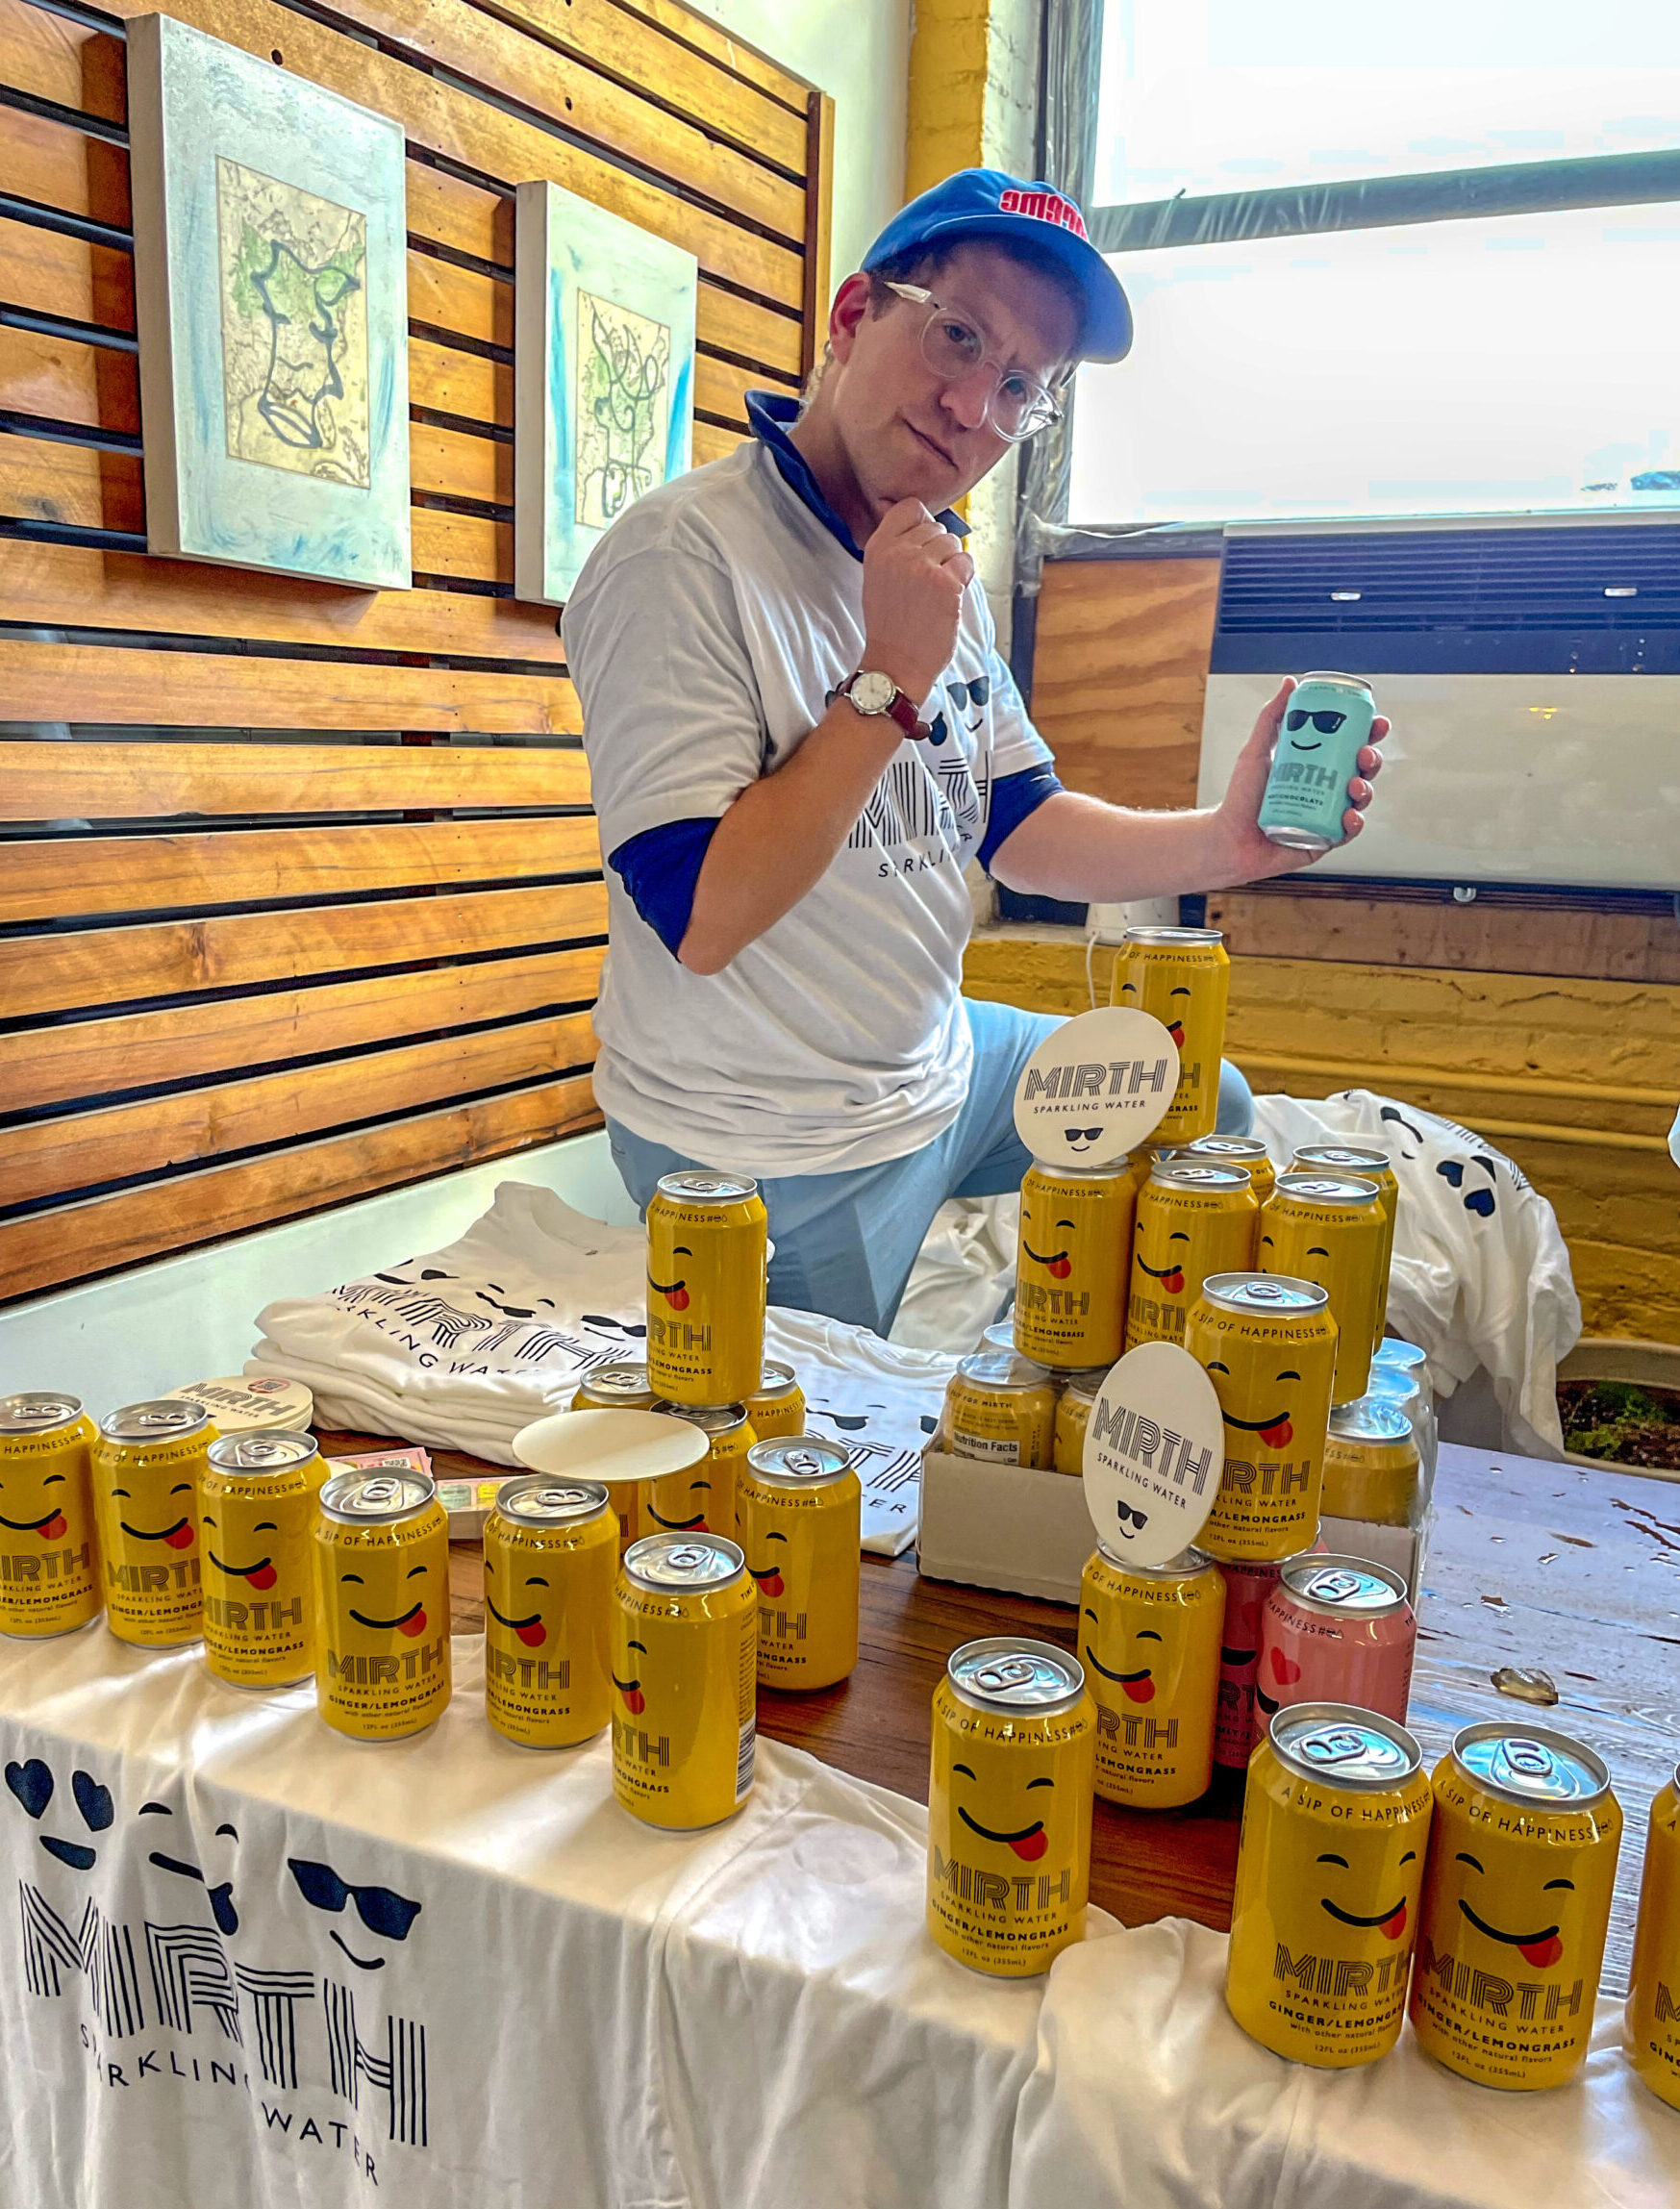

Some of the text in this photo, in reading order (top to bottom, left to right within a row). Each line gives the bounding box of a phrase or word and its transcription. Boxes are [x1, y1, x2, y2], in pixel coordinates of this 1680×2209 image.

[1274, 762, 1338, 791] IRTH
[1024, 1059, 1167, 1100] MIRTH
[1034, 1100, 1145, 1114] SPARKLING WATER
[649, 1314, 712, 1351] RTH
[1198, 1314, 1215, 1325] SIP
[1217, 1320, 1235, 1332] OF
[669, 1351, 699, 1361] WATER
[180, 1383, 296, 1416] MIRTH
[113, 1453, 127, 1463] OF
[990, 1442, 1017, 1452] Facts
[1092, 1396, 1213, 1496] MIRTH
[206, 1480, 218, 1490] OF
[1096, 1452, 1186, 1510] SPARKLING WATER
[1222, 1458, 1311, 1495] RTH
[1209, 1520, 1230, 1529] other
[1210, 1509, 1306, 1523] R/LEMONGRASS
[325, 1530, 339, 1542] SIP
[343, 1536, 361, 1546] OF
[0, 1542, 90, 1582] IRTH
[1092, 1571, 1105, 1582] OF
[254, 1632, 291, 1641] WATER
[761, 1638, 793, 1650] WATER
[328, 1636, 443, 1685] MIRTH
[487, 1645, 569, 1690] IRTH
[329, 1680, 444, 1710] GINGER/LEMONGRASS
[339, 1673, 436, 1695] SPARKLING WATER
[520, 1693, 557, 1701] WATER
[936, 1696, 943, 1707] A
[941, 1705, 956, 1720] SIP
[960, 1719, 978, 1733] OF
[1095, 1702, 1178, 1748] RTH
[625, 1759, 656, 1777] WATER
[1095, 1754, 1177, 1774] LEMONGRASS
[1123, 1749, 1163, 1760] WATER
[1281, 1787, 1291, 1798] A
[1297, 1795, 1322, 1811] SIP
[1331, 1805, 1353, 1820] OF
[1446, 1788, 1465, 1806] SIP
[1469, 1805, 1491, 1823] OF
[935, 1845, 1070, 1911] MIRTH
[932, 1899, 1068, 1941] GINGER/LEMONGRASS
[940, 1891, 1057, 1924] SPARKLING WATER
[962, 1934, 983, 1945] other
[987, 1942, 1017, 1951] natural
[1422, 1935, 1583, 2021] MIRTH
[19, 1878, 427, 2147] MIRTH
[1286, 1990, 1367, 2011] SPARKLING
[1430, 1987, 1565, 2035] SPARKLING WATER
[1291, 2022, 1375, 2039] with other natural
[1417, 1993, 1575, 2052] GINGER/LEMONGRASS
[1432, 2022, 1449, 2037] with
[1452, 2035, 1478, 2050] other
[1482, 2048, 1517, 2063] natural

**WORK ORDER**
Could you filter the entries above for lines holding the string "other" and copy them?

**SOLUTION**
[1209, 1520, 1230, 1529] other
[962, 1934, 983, 1945] other
[1291, 2022, 1375, 2039] with other natural
[1452, 2035, 1478, 2050] other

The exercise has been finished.